E accanto alle parole, le storie: quella di Cecilia Valdés raccontata a puntate da Bianca Pitzorno, o quella sorprendente di Georges Méliès che a Palazzo della Ragione prende la forma ora di un laboratorio sugli automi, ora di uno spettacolo di giochi di prestigio, ora di vecchi film del cinema muto, ora di un incontro con lo scrittore Brian Selznick. Nelle notti mantovane tocca ai diari di fine sera di Lella Costa e Flavio Soriga inscenare un ironico sommario delle giornate del Festival, in cui trovano spazio le scienze confidenziali e numerosi spettacoli, come Nella steppa Padana (ispirato a Il revisore di Nikolaj Gogol), Le fiamme e la ragione di Corrado Augias, La canzone di Rokia firmata da Enzo D’Alò, Pierdomenico Baccalario e Gaston Kaboré e i recitals di David Riondino su Ernesto Ragazzoni e Garibaldi. Con performances come Terra! (ospitata presso la Casa Circondariale di Mantova) e Bilal si guarda invece ai drammi che accomunano il passato e l’attualità delle migrazioni transnazionali, mentre emozionano gli omaggi diffusi a Cesare Pavese, tra i quali la lezione di Eraldo Affinati e le letture de I ricordi cominciano nella sera.
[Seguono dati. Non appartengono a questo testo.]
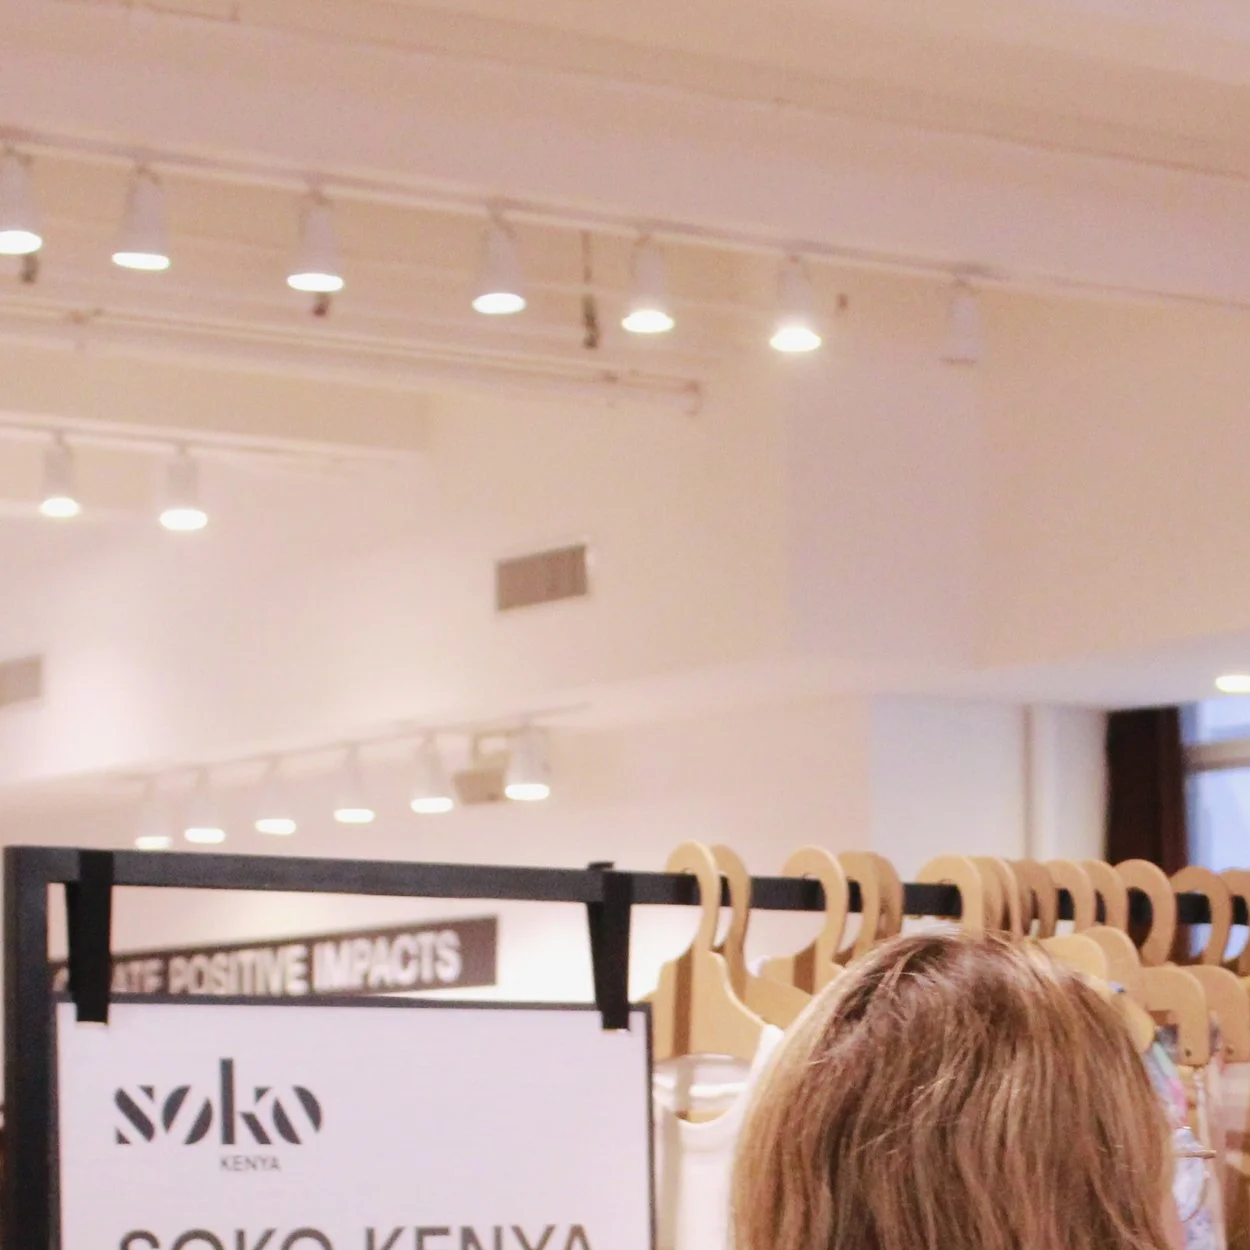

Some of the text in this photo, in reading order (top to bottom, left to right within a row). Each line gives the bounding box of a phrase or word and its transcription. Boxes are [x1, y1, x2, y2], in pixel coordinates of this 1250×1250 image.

Grazie ai corsi di magia del divulgatore scientifico Andreas Korn-Müller e ai pop-up di Massimo Missiroli, non mancano le sorprese negli incontri dedicati ai bambini, tra i quali vanno ricordati anche gli spettacoli di Roberto Abbiati (Il ritorno di Girafe e Una tazza di mare in tempesta) e i laboratori di disegno letterario delle autrici e illustratrici libanesi Nisrine Ojeil e Hiba Farran. Una considerazione a parte meritano i tornei di Subbuteo e di calcio con le dita tenuti da Carlo Carzan, Daniel Tatarsky e Andrea Piccaluga, e gli appuntamenti di Dammi un incipit, con Andrea Cotti, Paola Mastrocola, Carlo Lucarelli e Federico Taddia che spiegano ai ragazzi i trucchi per iniziare a scrivere un buon romanzo… partendo dall’inizio!
I ritorni di Enzensberger, Baricco e Galeano; le interviste a narratori di culto come Sebastian Faulks, Jeanette Winterson, Scott Turow e Jonathan Safran Foer, gli interventi di autori meno noti al grande pubblico, come il cambogiano Rithy Pahn e le autrici mediorientali Joumana Haddad e Najwa Barakat, completano un programma anche quest’anno ricco di stimoli e policentrico.